Saint Michaels, also known as St. Michaels, is a town in Talbot County, Maryland, United States. Saint Michaels derives its name from the Episcopal parish — itself named after Michael the Archangel — established there in 1677. The church attracted settlers who engaged in tobacco growing and ship-building, and thence further development. The population was 1,094 as of the 2020 Census.

==History==

The town was laid out as a speculative development in the 1770s by James Braddock. Unlike the more typical 18th century grid-pattern town planning, Braddock laid St. Michaels out around a central square. The town was incorporated in 1804.

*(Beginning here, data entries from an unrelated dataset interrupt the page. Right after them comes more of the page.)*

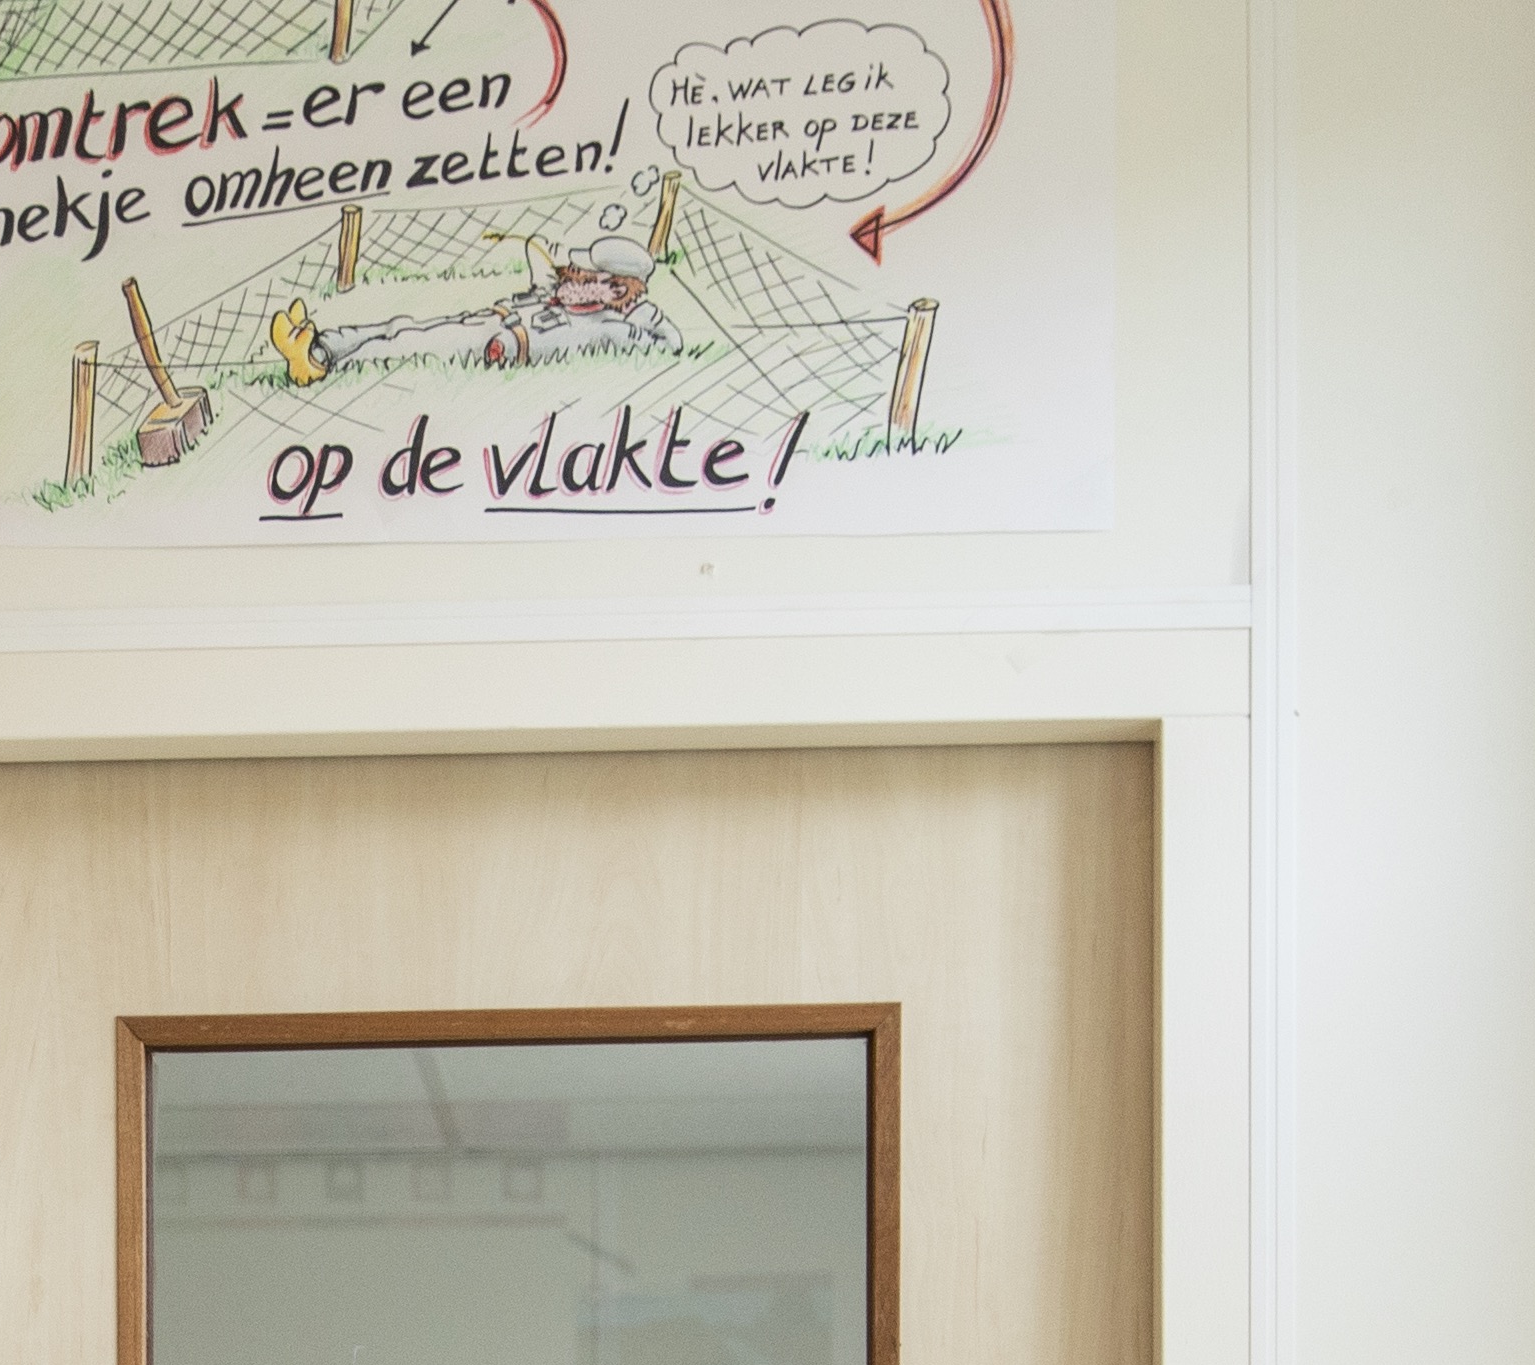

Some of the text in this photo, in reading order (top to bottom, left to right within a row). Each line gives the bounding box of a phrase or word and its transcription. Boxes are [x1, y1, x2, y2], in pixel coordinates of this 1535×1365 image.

[402, 72, 512, 118] een
[728, 77, 792, 101] WAT
[804, 72, 856, 95] LEG
[851, 110, 919, 132] DEZE
[184, 146, 391, 220] omheen
[405, 98, 630, 188] zetten!
[268, 443, 353, 515] op
[379, 413, 465, 496] de

A rural Anglican church that long predated the town gave St. Michaels its name. Despite this church's presence on the shore of the harbor, the town of St. Michaels early became predominantly Methodist following visits by itinerant Methodist preachers. Braddock donated land for a Methodist church in the center of St. Mary's square. A brick structure was built and after the war of 1812 the name of Sardis Chapel was adopted. That building was razed and a new brick building was erected in 1839. The cornerstone was laid on July 4, 1839. It remains on that site.

=== 19th century ===
The town's earliest industry was shipbuilding, and as many as six shipbuilders were active in or near the town by the War of 1812. Their typical product was a fast schooner, a type later known as the Baltimore Clipper. Such vessels were well adapted to evading blockades or outrunning pirates or foreign naval vessels at sea, and some were later used as privateers, private armed vessels carrying a letter of marque allowing them to take prizes at sea. An example is the Thomas L. Haddaway, which launched the schooner Lottery at St. Michaels in 1812 and obtained a letter of marque.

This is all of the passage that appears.